What has emerged in the entire Kemi Badenoch’s saga is her seeming double-face or multiple-face. When she was campaigning to represent her diverse Dulwich and West Norwood Constituency in the UK Parliament in 2010, she had appealed to the Nigerian community, comprising Yoruba, Hausa-Fulani and Igbo, under the aegis of “Nigerians for Kemi Badenoch,” pleading for help in the election. A campaign document that surfaced on social media showed she had reached out to all Nigerians in that constituency while highlighting her roots. In that document, Badenoch had said to her Nigerian supporters:

“I need your help. I’m running for parliament in the 2010 UK general elections. The race is very tight. Last year, the News of the World surveyed this constituency, and the forecast was that I would win. Things are much tougher this year as the party has dropped nationally in the polls. I need your help.

“I am asking for your help now to support a Nigerian trying to improve our national image and do something great here.”

After winning the election, however, she deployed her situation in Nigeria as a talking point to rally support for her policies, for which she was accused of exploiting her roots for political gains.

Her rhetoric has drastically changed with her emergence as the Leader of the Conservative Party. In the carriage, conduct and statements, she is now out to please the White establishment, particularly the White wing of her Conservative Party, subjugating her people to make Britain look good. She doesn’t mind running down anyone, including the Nigerian people and the British blacks generally.
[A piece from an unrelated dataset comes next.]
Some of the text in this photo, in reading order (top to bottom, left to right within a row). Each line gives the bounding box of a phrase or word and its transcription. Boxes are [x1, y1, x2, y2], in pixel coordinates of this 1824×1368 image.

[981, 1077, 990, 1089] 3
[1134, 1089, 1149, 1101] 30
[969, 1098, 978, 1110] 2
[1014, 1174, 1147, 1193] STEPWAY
Will this advance her politics or status? I do not think so. The British respect culture and tradition. Running down a country’s history and culture may not attract much attention. Britain also respects her relations with other countries, particularly Nigeria, given our age-long relationship. Nigeria is a significant trade and investment partner of the UK in Africa. According to the UK Department for Business and Trade, as of December 20 2024, the total trade in goods and services (exports plus imports) between the UK and Nigeria amounted to £7.2 billion in the four quarters up to the end of Q2 2024, an increase of 1.2% or £86 million in current prices from the four quarters to the end of Q2 2023.
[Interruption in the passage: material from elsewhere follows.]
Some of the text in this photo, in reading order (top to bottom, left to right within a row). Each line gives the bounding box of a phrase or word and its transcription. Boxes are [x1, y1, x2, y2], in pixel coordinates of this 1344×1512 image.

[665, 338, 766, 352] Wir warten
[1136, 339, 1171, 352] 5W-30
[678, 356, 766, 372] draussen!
Britain would not want to harm that substantial trade partnership and excellent relationship between the two countries in any way.

Also, several Badenoch’s Conservative Party members do not share her attitude towards Nigeria. In Zanzibar, I recently ran into Jake Berry, a top Tory Party member and former Cabinet member in the UK. While discussing the Badenoch matter, he said most Conservative Party members disagreed with her.
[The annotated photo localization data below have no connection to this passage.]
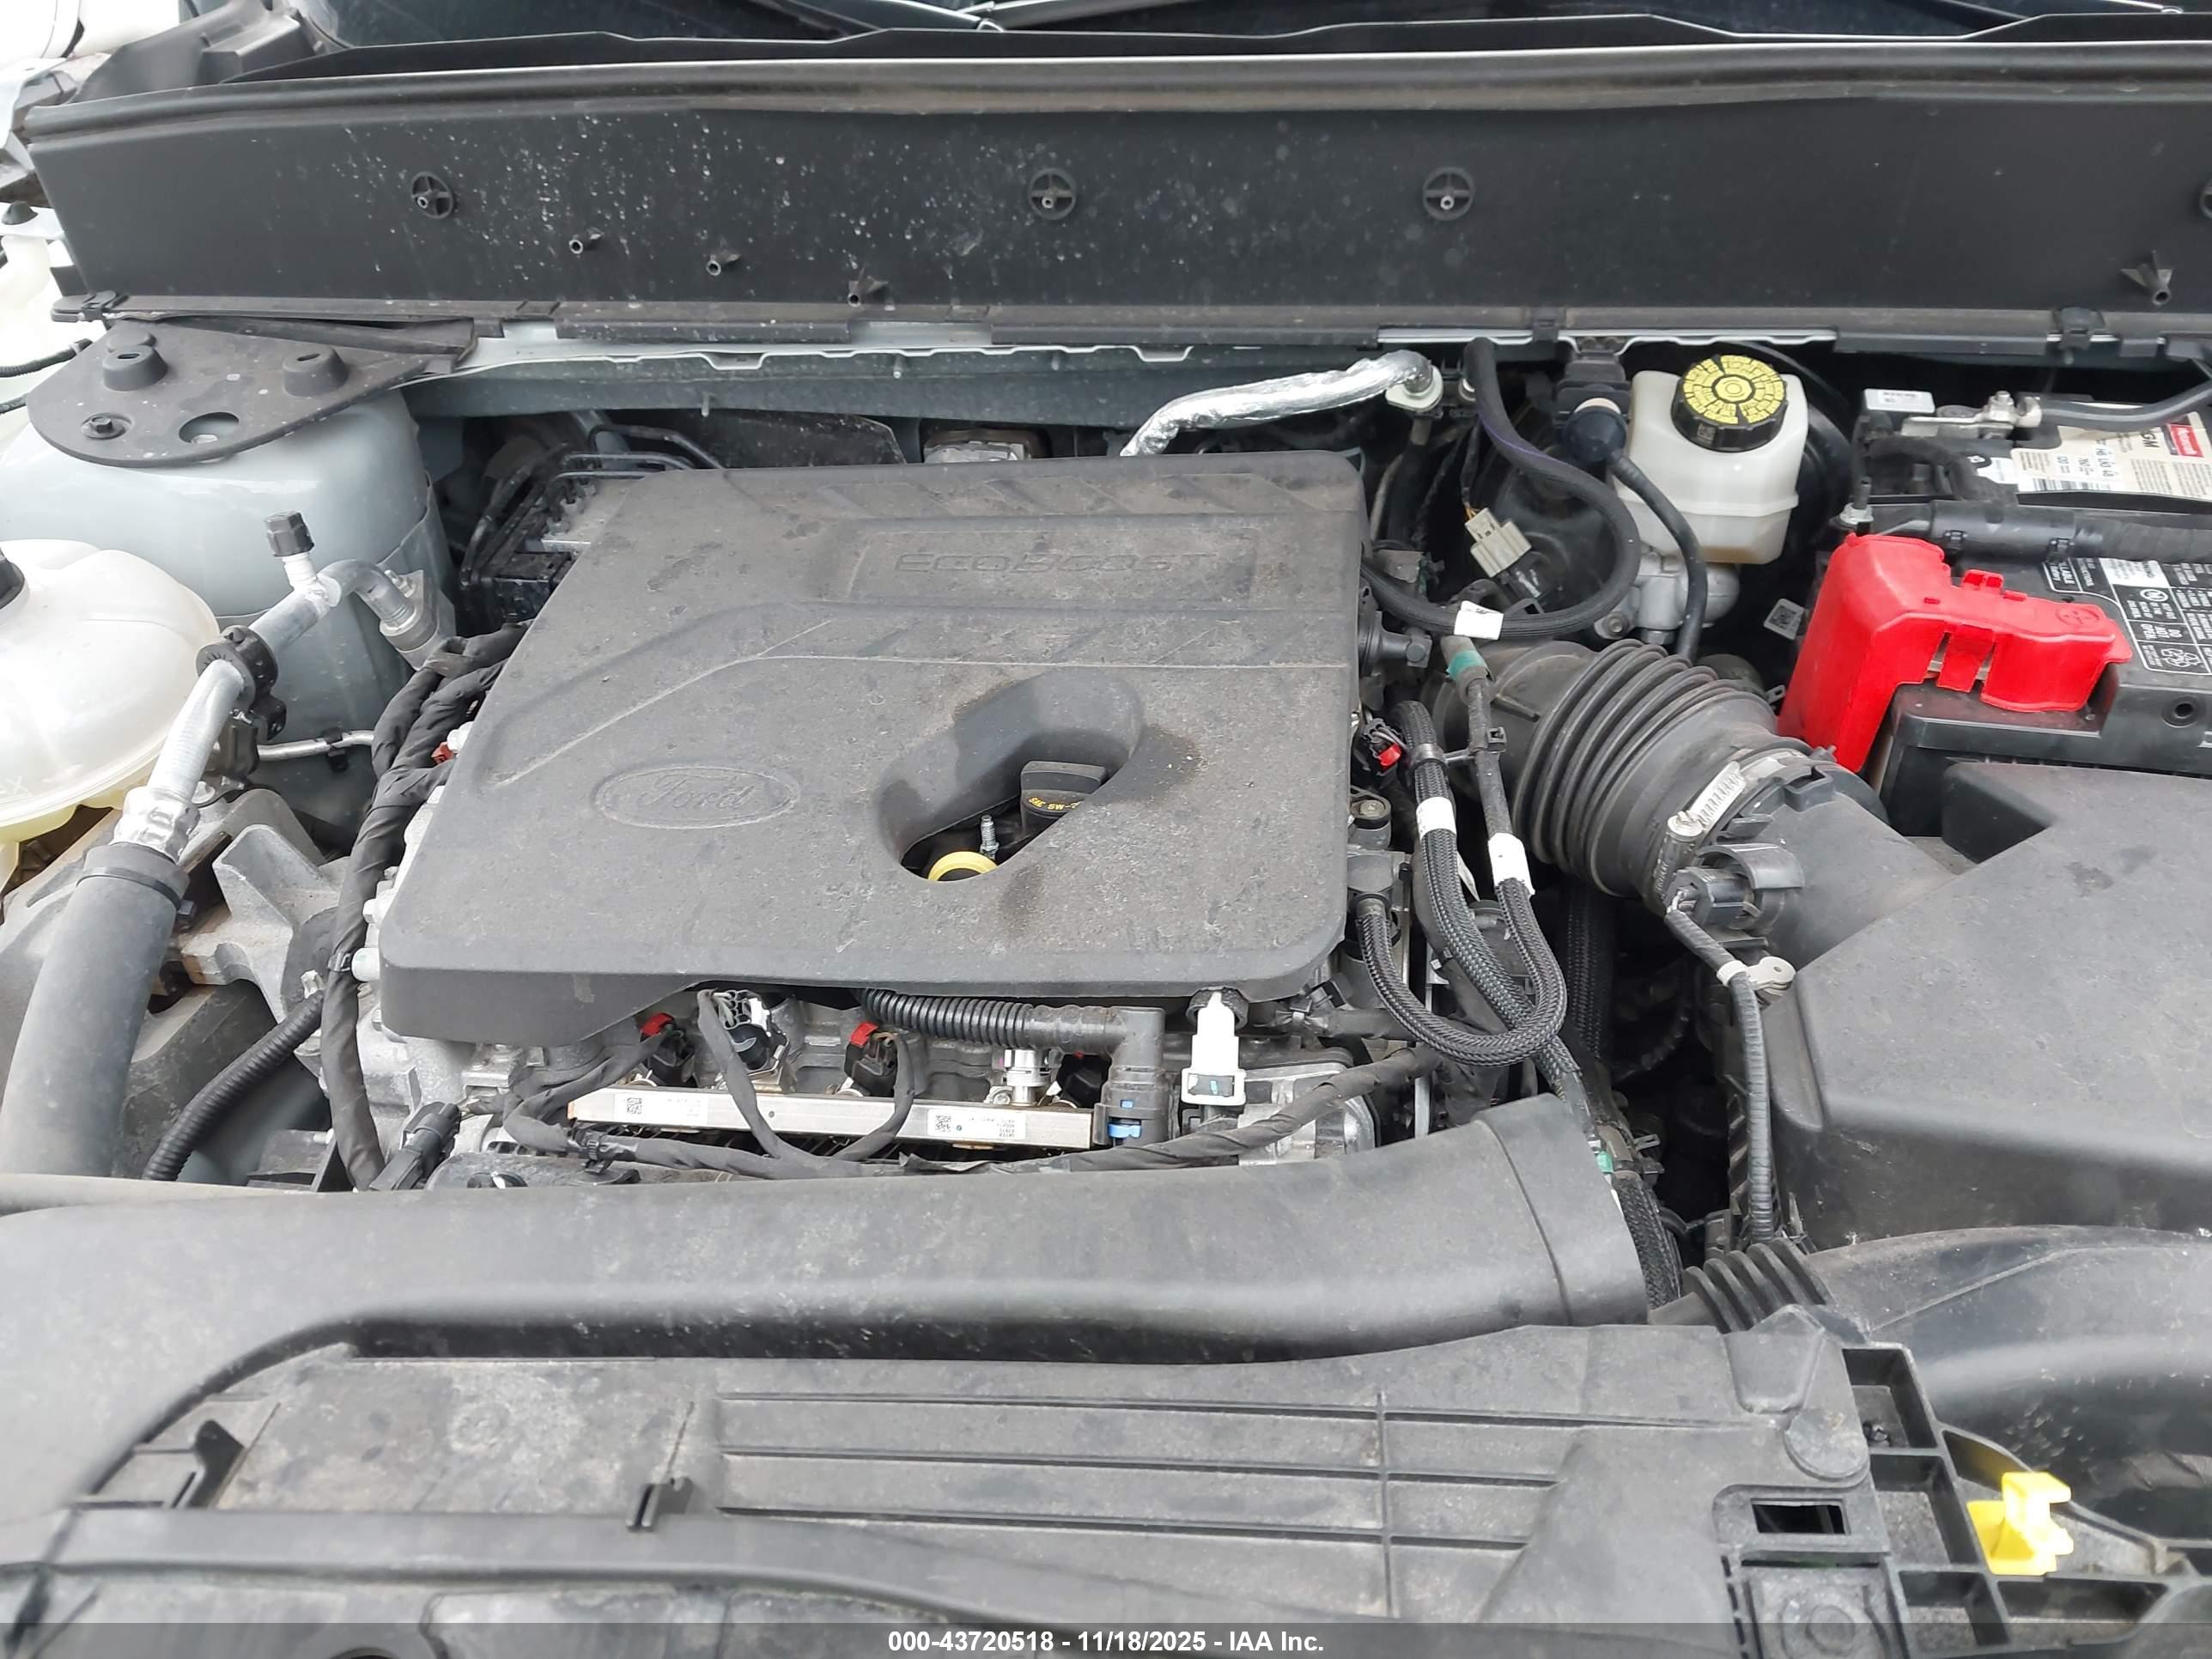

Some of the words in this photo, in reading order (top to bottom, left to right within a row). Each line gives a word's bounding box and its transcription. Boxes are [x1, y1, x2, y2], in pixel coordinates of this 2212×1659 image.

[2140, 624, 2158, 640] OPEN.
[2154, 627, 2171, 639] NOT
[2167, 629, 2184, 638] DO
[636, 774, 756, 809] Ford
[1028, 797, 1047, 808] SAE
[1047, 800, 1083, 811] 5W-2
Kemi Badenoch has recorded an outstanding achievement in two decades of entering British politics. She joined the Conservative Party at the age of 25. Today, she stands not just as the Leader of the biggest party in Britain’s history but also as the highest black person in the United Kingdom. Her extraordinary accomplishment should have been used to inspire young people to achieve similar feats and as a foundation to inspire positive change in her country of origin, not to denigrate Nigeria or cause division and disaffection among her people. It is not too late for Mrs Badenoch to rethink and toe the line of rectitude.

-Rahman is Senior Special Assistant on Media Matters to President Tinubu.